Several other projects have gone down this route, most famously the Ruby on Rails project had to
[remove](https://www.theregister.com/2021/03/25/ruby_rails_code/) and rewrite their mime type handling code because of
the license conflict. They created the [Marcel](https://github.com/rails/marcel) library, also based on Apache Tika's rule
definitions to replace the dependency on libmagic. Go has a similar mime detection library called
[go-mimetype](https://github.com/gabriel-vasile/mimetype). I've taken some design inspiration from them as well as taking
their test inputs.
## Using tika-magic
### API Examples
tika-magic provides several ways to detect MIME types from files or byte arrays:
``` rust
use std::fs::File;
use std::path::Path;
use tika_magic;
// Detect MIME type from a byte array
let data = [0x89, 0x50, 0x4E, 0x47, 0x0D, 0x0A, 0x1A, 0x0A]; // PNG file signature
let mime_type = tika_magic::from_u8(&data);
assert_eq!(mime_type, "image/png");
// Check if bytes match a specific MIME type
let is_png = tika_magic::match_u8("image/png", &data);
assert!(is_png);
// Get all possible MIME types (ordered by confidence)

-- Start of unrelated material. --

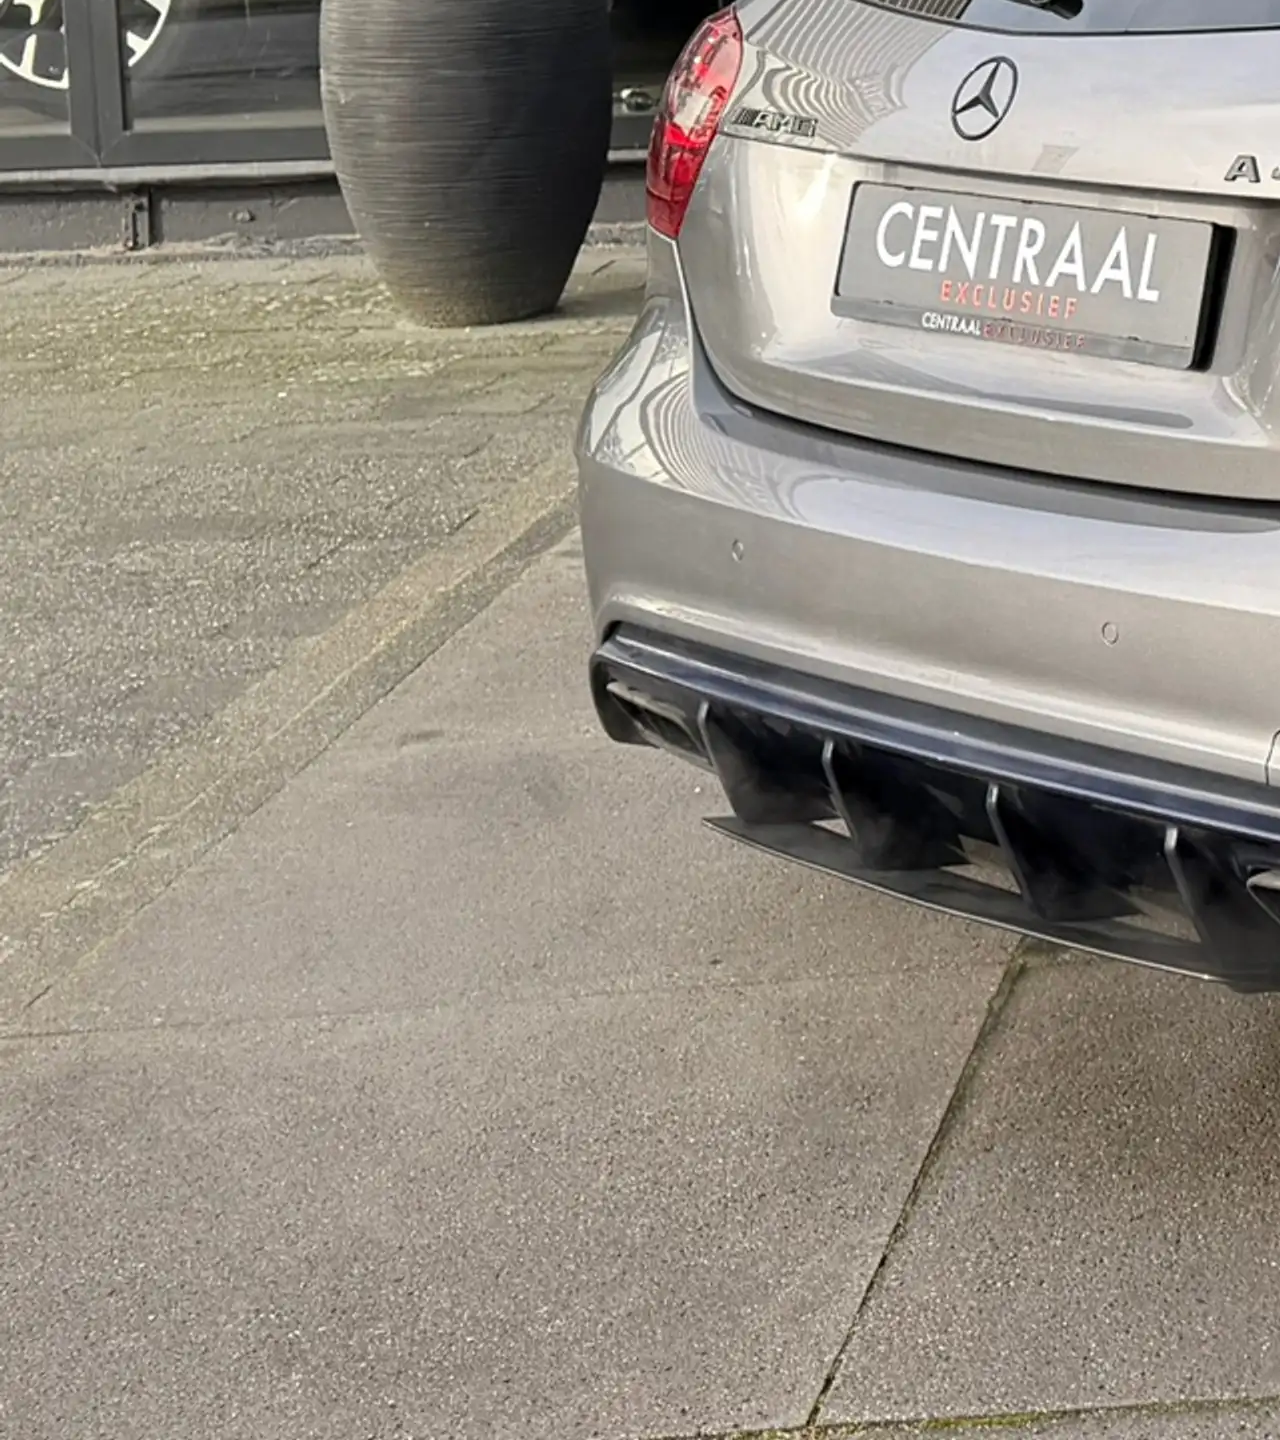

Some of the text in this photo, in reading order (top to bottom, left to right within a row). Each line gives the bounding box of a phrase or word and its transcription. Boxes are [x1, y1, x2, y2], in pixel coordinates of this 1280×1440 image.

[1223, 154, 1261, 183] A
[876, 201, 1160, 303] CENTRAAL
[939, 279, 1078, 320] EXCLUSIEF
[922, 312, 981, 336] CENTRAAL

let mime_types = tika_magic::from_u8_exhaustive(&data);
println!("Possible MIME types: {:?}", mime_types);
// File-based detection
let file = File::open("example.png").unwrap();
let mime_type = tika_magic::from_file(&file).unwrap();
assert_eq!(mime_type, "image/png");
// Path-based detection
let mime_type = tika_magic::from_filepath(Path::new("example.pdf")).unwrap();
assert_eq!(mime_type, "application/pdf");
// Check if a file matches a specific MIME type
let is_pdf = tika_magic::match_filepath("application/pdf", Path::new("example.pdf"));
assert!(is_pdf);
```
## Installation
Add tika-magic to your `Cargo.toml`:
``` toml
[dependencies]
tika-magic = "0.1.0"
```
Then include it in your Rust project:
``` rust
use tika_magic;
```
The library has minimal dependencies and doesn't require any system libraries or external resources to work - all the MIME detection rules are bundled with the crate.
## License
tika-magic is licensed under the Apache License, Version 2.0. See the LICENSE file for the full license text.
```
Copyright 2023 [Your Name or Organization]

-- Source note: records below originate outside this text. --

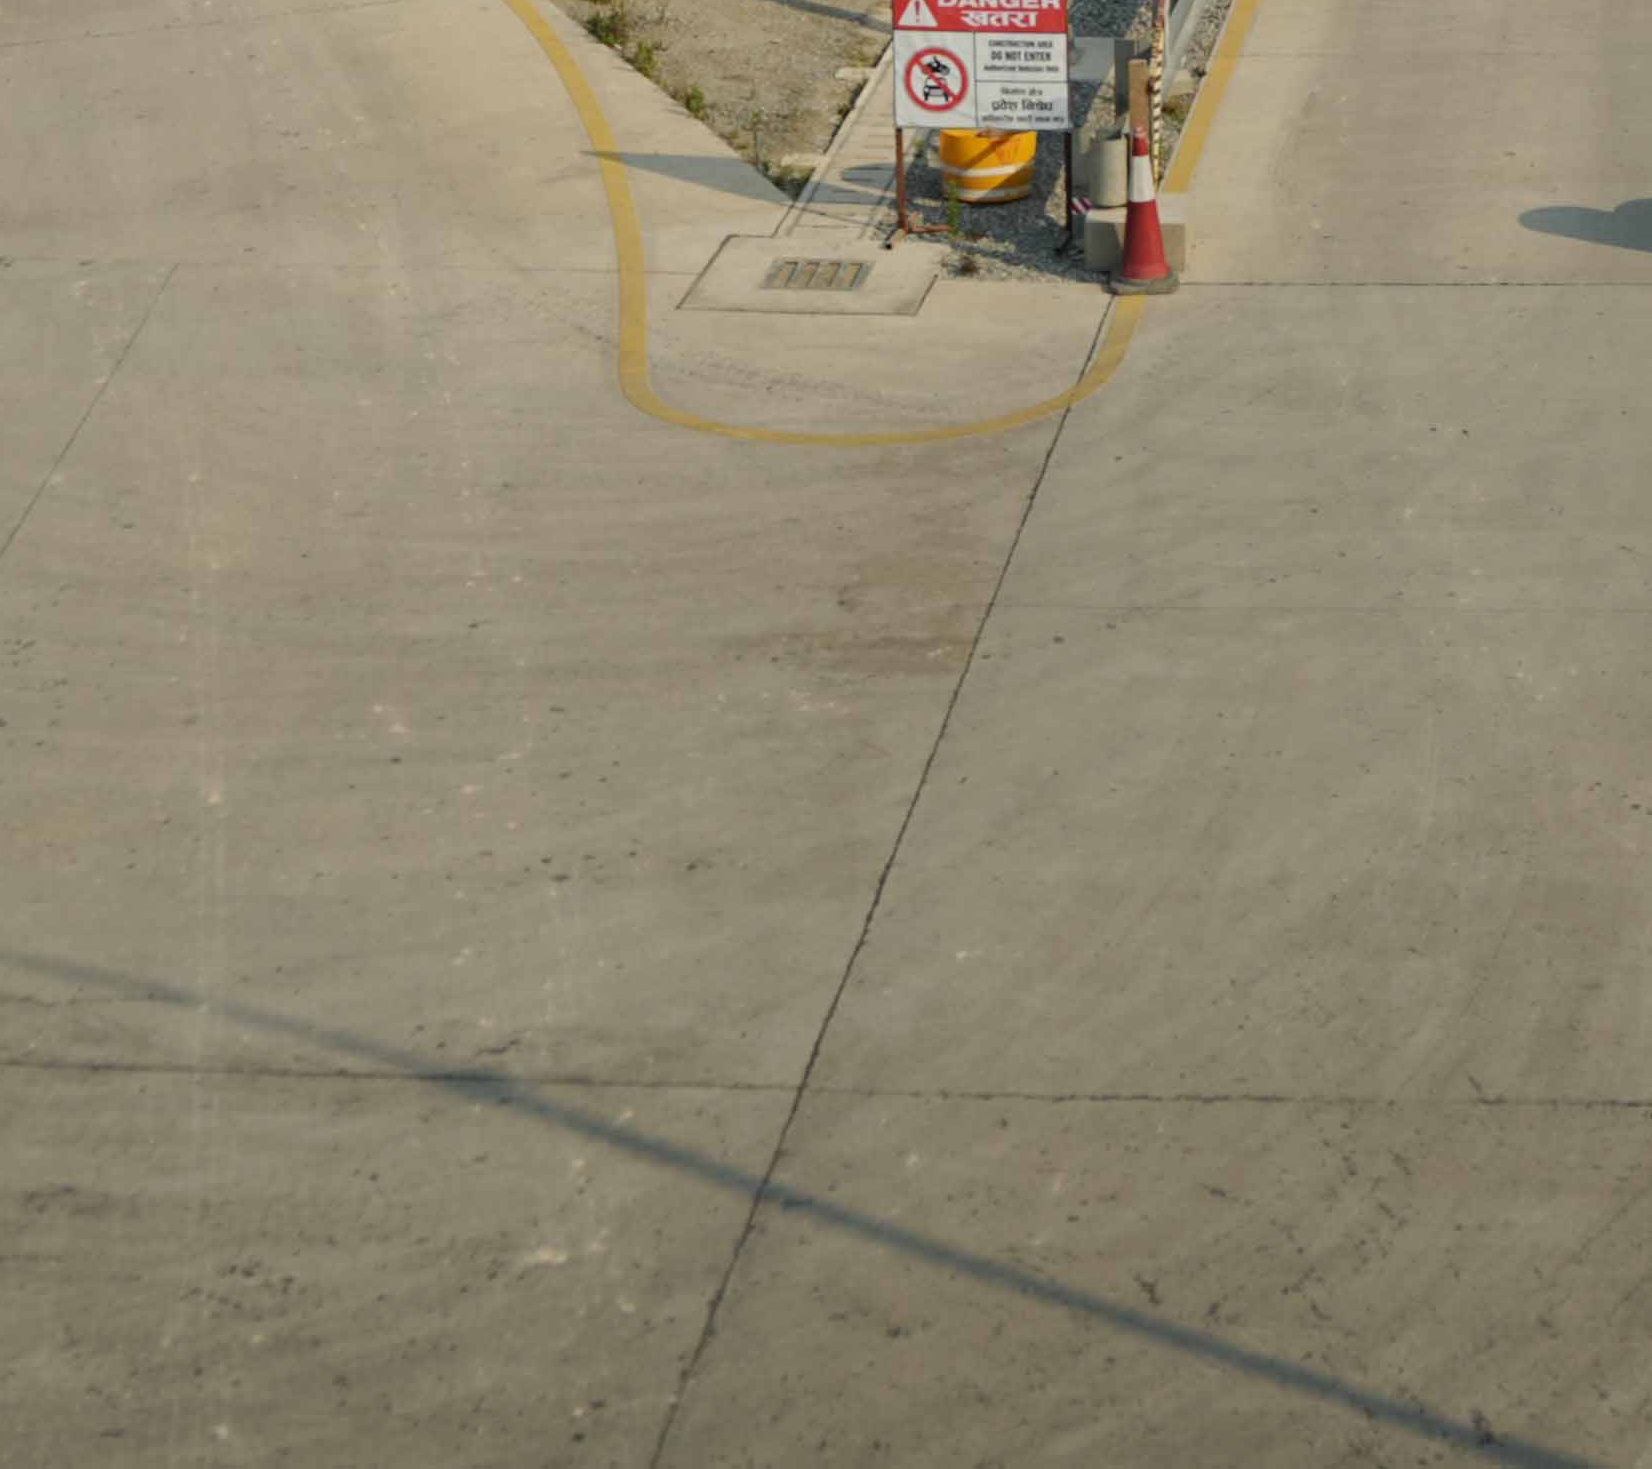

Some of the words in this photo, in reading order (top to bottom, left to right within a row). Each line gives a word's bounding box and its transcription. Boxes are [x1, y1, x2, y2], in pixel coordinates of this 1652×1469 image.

[960, 10, 1038, 28] खतरा
[991, 51, 1003, 61] DO
[1005, 51, 1021, 61] NOT
[1023, 51, 1052, 62] ENTER
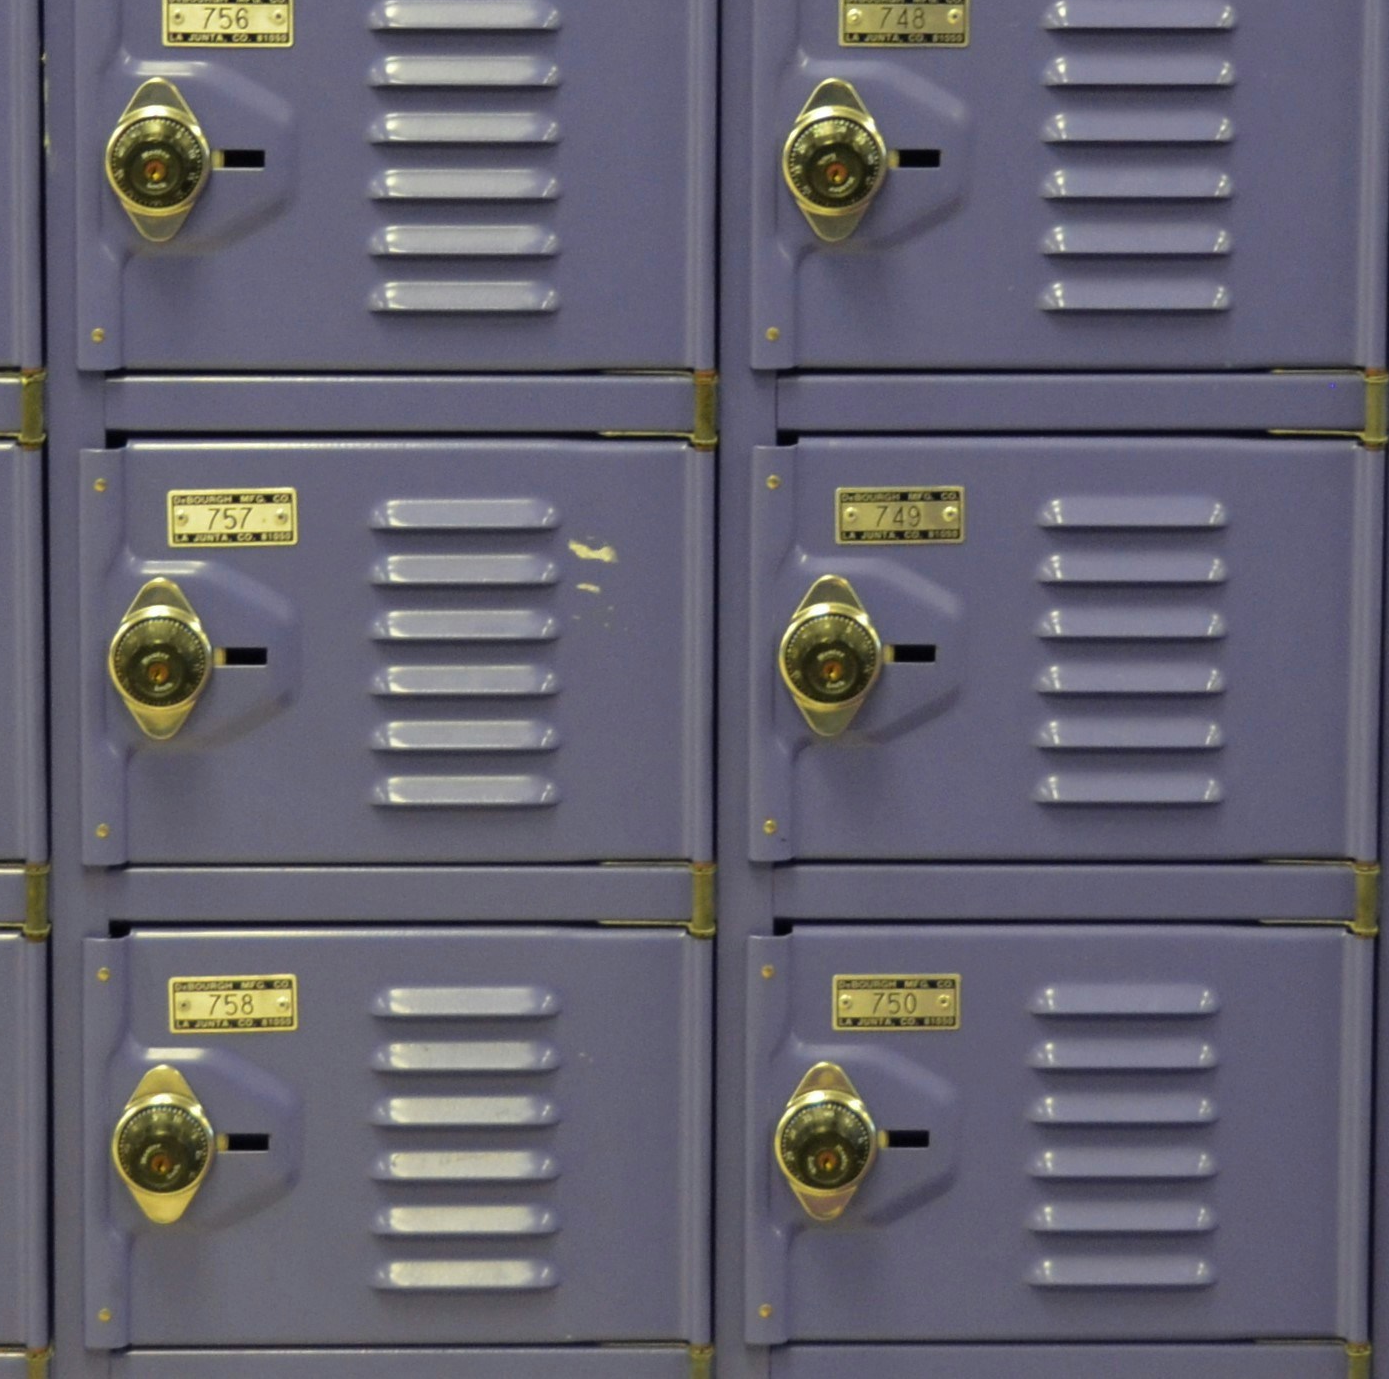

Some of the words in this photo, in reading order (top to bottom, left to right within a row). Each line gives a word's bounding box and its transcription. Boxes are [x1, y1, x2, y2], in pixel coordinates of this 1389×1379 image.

[203, 7, 249, 30] 756
[879, 7, 926, 30] 748
[207, 506, 254, 531] 757
[875, 504, 921, 528] 749
[208, 993, 254, 1017] 758
[872, 992, 917, 1015] 750

Licensed under the Apache License, Version 2.0 (the "License");
you may not use this file except in compliance with the License.
You may obtain a copy of the License at
http://www.apache.org/licenses/LICENSE-2.0
Unless required by applicable law or agreed to in writing, software
distributed under the License is distributed on an "AS IS" BASIS,
WITHOUT WARRANTIES OR CONDITIONS OF ANY KIND, either express or implied.

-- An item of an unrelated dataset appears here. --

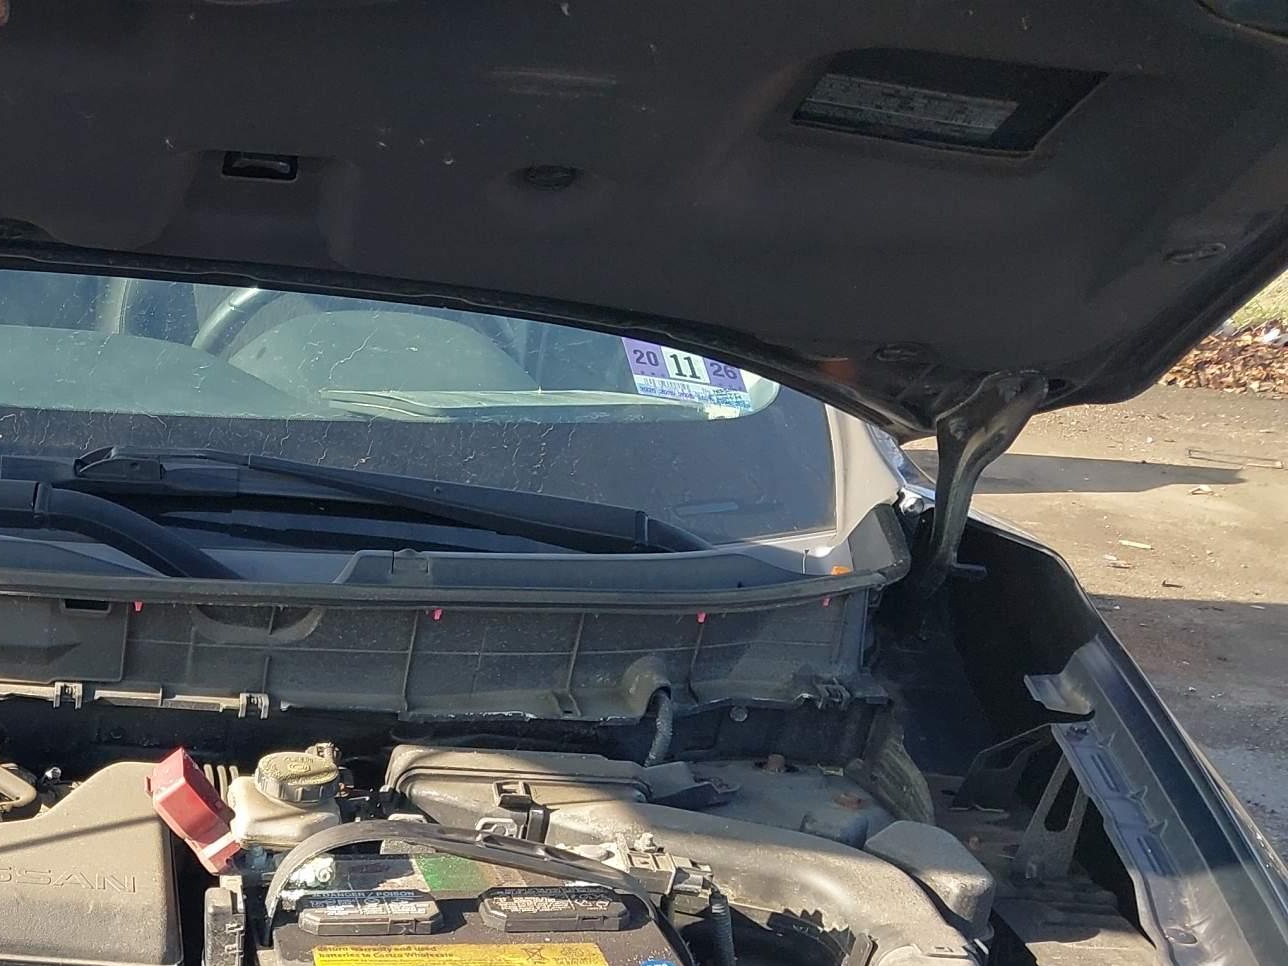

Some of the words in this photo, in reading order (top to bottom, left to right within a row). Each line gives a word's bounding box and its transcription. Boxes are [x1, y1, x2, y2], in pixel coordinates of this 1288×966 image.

[633, 349, 659, 366] 20
[670, 354, 701, 380] 11
[709, 362, 738, 380] 26

See the License for the specific language governing permissions and
limitations under the License.
```
The MIME type detection rules are derived from the [Apache Tika](http://tika.apache.org) project, which is also licensed under the Apache License 2.0.
## Speed
`tika-magic` is slower than `tree_magic_mini`, as `tree_magic_mini` is specifically optimized for quick parsing.
```
test tika-magic::from_u8::application_zip ... bench: 3,088,086 ns/iter (+/- 340,938)
test tika-magic::from_u8::image_gif ... bench: 441,894 ns/iter (+/- 36,948)
test tika-magic::from_u8::image_png ... bench: 424,299 ns/iter (+/- 26,686)
test tika-magic::from_u8::text_plain ... bench: 3,587,062 ns/iter (+/- 535,857)
test tika-magic::match_u8::application_zip ... bench: 14 ns/iter (+/- 2)
test tika-magic::match_u8::image_gif ... bench: 14 ns/iter (+/- 1)
test tika-magic::match_u8::image_png ... bench: 14 ns/iter (+/- 0)
test tika-magic::match_u8::text_plain ... bench: 15 ns/iter (+/- 0)
test tree_magic_mini::from_u8::application_zip ... bench: 5,364 ns/iter (+/- 524)
test tree_magic_mini::from_u8::image_gif ... bench: 1,567 ns/iter (+/- 90)
test tree_magic_mini::from_u8::image_png ... bench: 1,848 ns/iter (+/- 73)
test tree_magic_mini::from_u8::text_plain ... bench: 27,507 ns/iter (+/- 2,296)
test tree_magic_mini::match_u8::application_zip ... bench: 37 ns/iter (+/- 2)
test tree_magic_mini::match_u8::image_gif ... bench: 28 ns/iter (+/- 1)
test tree_magic_mini::match_u8::image_png ... bench: 27 ns/iter (+/- 1)
test tree_magic_mini::match_u8::text_plain ... bench: 16 ns/iter (+/- 1)
```
If you can afford to use the system magic database or to distribute GPL software, `tree_magic_mini` is significantly
faster. Something for `tika-magic` to improve on!